(Extracted data entries)
= Beginning of Section =
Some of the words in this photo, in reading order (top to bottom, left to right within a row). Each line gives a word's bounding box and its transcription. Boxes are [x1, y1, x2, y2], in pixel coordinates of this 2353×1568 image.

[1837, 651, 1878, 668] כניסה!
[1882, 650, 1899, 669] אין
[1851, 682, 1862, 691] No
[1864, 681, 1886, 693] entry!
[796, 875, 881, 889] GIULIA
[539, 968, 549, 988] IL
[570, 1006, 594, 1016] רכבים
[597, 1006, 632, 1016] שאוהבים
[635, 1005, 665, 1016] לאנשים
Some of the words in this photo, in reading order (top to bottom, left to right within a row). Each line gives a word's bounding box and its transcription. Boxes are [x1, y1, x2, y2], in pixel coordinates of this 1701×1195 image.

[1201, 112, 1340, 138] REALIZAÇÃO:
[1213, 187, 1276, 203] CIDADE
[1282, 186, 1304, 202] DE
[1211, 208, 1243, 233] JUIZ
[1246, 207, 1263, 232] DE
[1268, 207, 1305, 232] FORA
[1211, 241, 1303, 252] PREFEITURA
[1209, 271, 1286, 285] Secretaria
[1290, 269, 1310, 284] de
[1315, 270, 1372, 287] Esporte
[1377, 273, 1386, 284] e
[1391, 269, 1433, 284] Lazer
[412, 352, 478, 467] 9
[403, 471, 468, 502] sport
= End of Section =
**Task details:** All entries above are to be transcribed verbatim.

**Solution:**
Some of the words in this photo, in reading order (top to bottom, left to right within a row). Each line gives a word's bounding box and its transcription. Boxes are [x1, y1, x2, y2], in pixel coordinates of this 2353×1568 image.

[1837, 651, 1878, 668] כניסה!
[1882, 650, 1899, 669] אין
[1851, 682, 1862, 691] No
[1864, 681, 1886, 693] entry!
[796, 875, 881, 889] GIULIA
[539, 968, 549, 988] IL
[570, 1006, 594, 1016] רכבים
[597, 1006, 632, 1016] שאוהבים
[635, 1005, 665, 1016] לאנשים
Some of the words in this photo, in reading order (top to bottom, left to right within a row). Each line gives a word's bounding box and its transcription. Boxes are [x1, y1, x2, y2], in pixel coordinates of this 1701×1195 image.

[1201, 112, 1340, 138] REALIZAÇÃO:
[1213, 187, 1276, 203] CIDADE
[1282, 186, 1304, 202] DE
[1211, 208, 1243, 233] JUIZ
[1246, 207, 1263, 232] DE
[1268, 207, 1305, 232] FORA
[1211, 241, 1303, 252] PREFEITURA
[1209, 271, 1286, 285] Secretaria
[1290, 269, 1310, 284] de
[1315, 270, 1372, 287] Esporte
[1377, 273, 1386, 284] e
[1391, 269, 1433, 284] Lazer
[412, 352, 478, 467] 9
[403, 471, 468, 502] sport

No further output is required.